-- EXTRACTED INFORMATION follows --

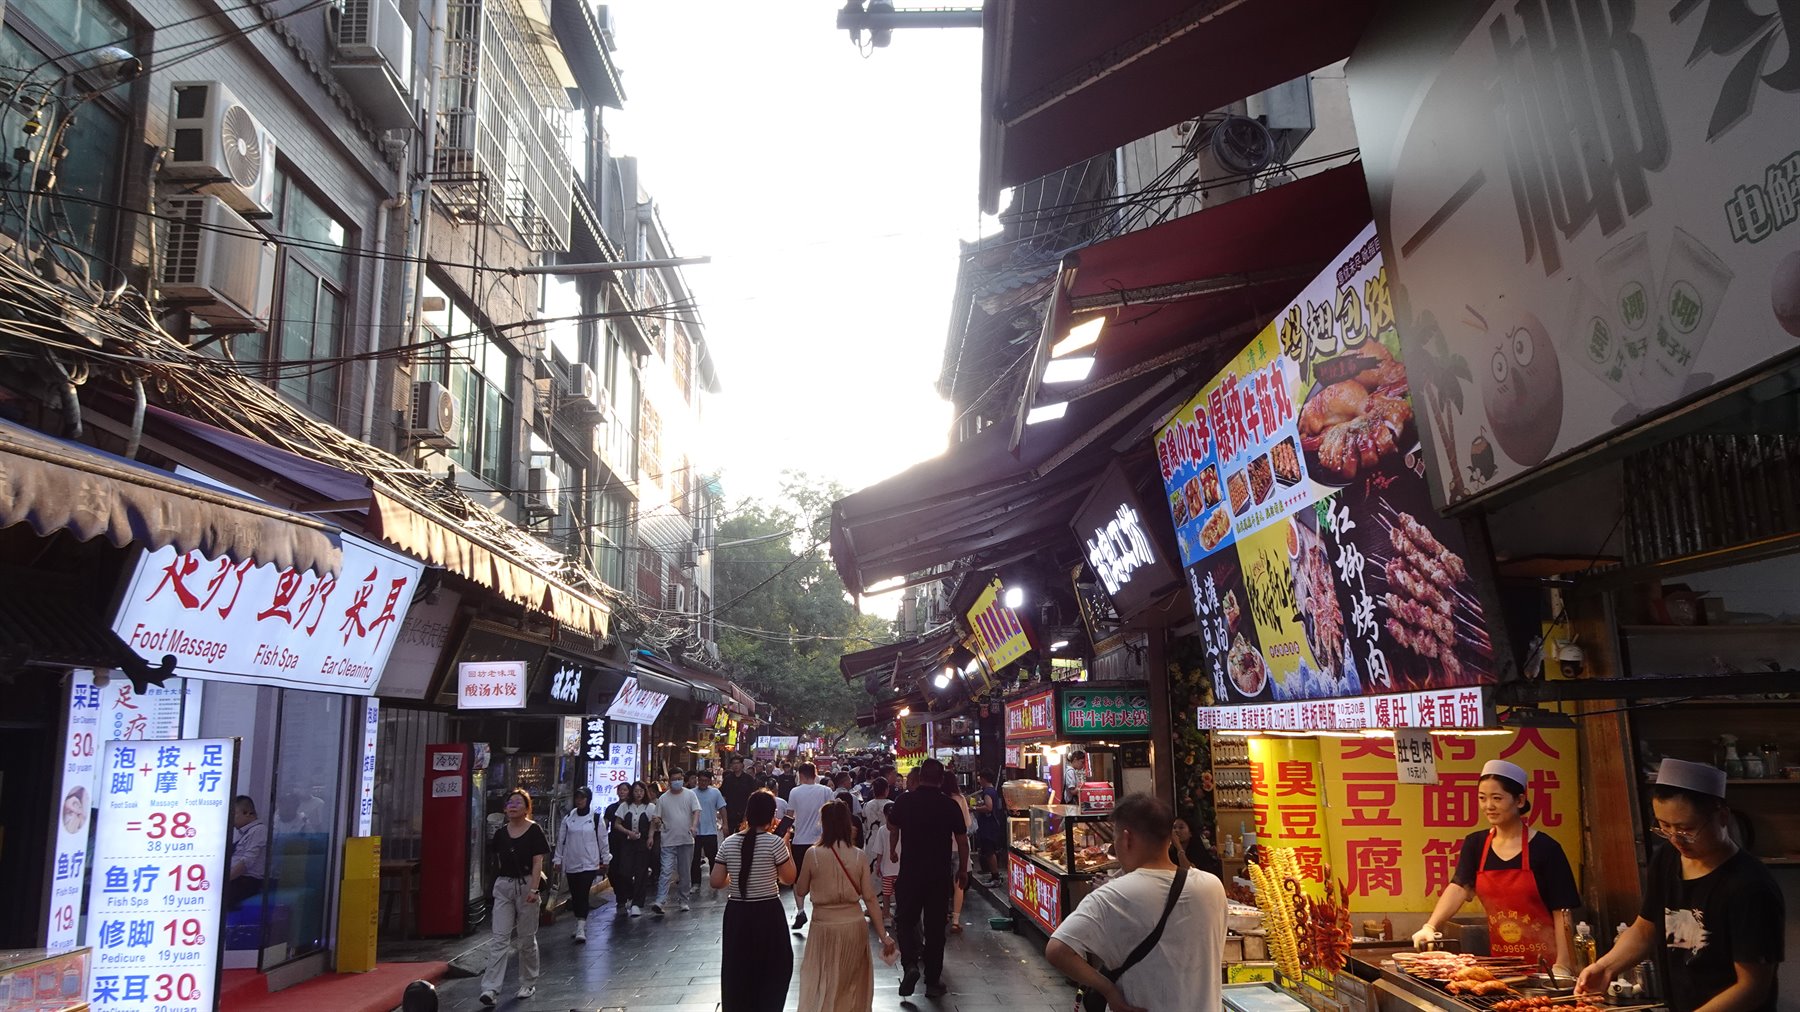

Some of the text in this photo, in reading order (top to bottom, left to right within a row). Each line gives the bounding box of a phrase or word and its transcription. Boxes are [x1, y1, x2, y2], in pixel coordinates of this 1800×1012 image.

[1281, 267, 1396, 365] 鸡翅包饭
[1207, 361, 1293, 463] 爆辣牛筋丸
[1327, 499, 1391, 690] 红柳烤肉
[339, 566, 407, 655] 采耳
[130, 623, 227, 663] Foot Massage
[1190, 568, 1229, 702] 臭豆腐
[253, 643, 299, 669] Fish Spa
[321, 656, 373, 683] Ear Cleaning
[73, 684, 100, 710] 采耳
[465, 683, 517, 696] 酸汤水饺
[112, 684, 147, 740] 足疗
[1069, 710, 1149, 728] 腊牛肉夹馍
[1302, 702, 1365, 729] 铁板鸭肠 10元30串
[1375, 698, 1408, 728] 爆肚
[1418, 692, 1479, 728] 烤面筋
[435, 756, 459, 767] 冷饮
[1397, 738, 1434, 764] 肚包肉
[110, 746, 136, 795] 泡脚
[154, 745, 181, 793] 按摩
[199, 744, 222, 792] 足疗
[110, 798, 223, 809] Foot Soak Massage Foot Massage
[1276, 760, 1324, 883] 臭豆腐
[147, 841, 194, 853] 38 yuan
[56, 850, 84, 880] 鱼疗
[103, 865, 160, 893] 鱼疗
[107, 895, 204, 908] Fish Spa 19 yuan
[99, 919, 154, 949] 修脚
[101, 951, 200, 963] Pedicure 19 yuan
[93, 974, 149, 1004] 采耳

-- EXTRACTED INFORMATION concluded --

## WORK INSTRUCTIONS
Retype every entry above exactly and, please, skip the pictures.

## WRITTEN REPLY
Some of the text in this photo, in reading order (top to bottom, left to right within a row). Each line gives the bounding box of a phrase or word and its transcription. Boxes are [x1, y1, x2, y2], in pixel coordinates of this 1800×1012 image.

[1281, 267, 1396, 365] 鸡翅包饭
[1207, 361, 1293, 463] 爆辣牛筋丸
[1327, 499, 1391, 690] 红柳烤肉
[339, 566, 407, 655] 采耳
[130, 623, 227, 663] Foot Massage
[1190, 568, 1229, 702] 臭豆腐
[253, 643, 299, 669] Fish Spa
[321, 656, 373, 683] Ear Cleaning
[73, 684, 100, 710] 采耳
[465, 683, 517, 696] 酸汤水饺
[112, 684, 147, 740] 足疗
[1069, 710, 1149, 728] 腊牛肉夹馍
[1302, 702, 1365, 729] 铁板鸭肠 10元30串
[1375, 698, 1408, 728] 爆肚
[1418, 692, 1479, 728] 烤面筋
[435, 756, 459, 767] 冷饮
[1397, 738, 1434, 764] 肚包肉
[110, 746, 136, 795] 泡脚
[154, 745, 181, 793] 按摩
[199, 744, 222, 792] 足疗
[110, 798, 223, 809] Foot Soak Massage Foot Massage
[1276, 760, 1324, 883] 臭豆腐
[147, 841, 194, 853] 38 yuan
[56, 850, 84, 880] 鱼疗
[103, 865, 160, 893] 鱼疗
[107, 895, 204, 908] Fish Spa 19 yuan
[99, 919, 154, 949] 修脚
[101, 951, 200, 963] Pedicure 19 yuan
[93, 974, 149, 1004] 采耳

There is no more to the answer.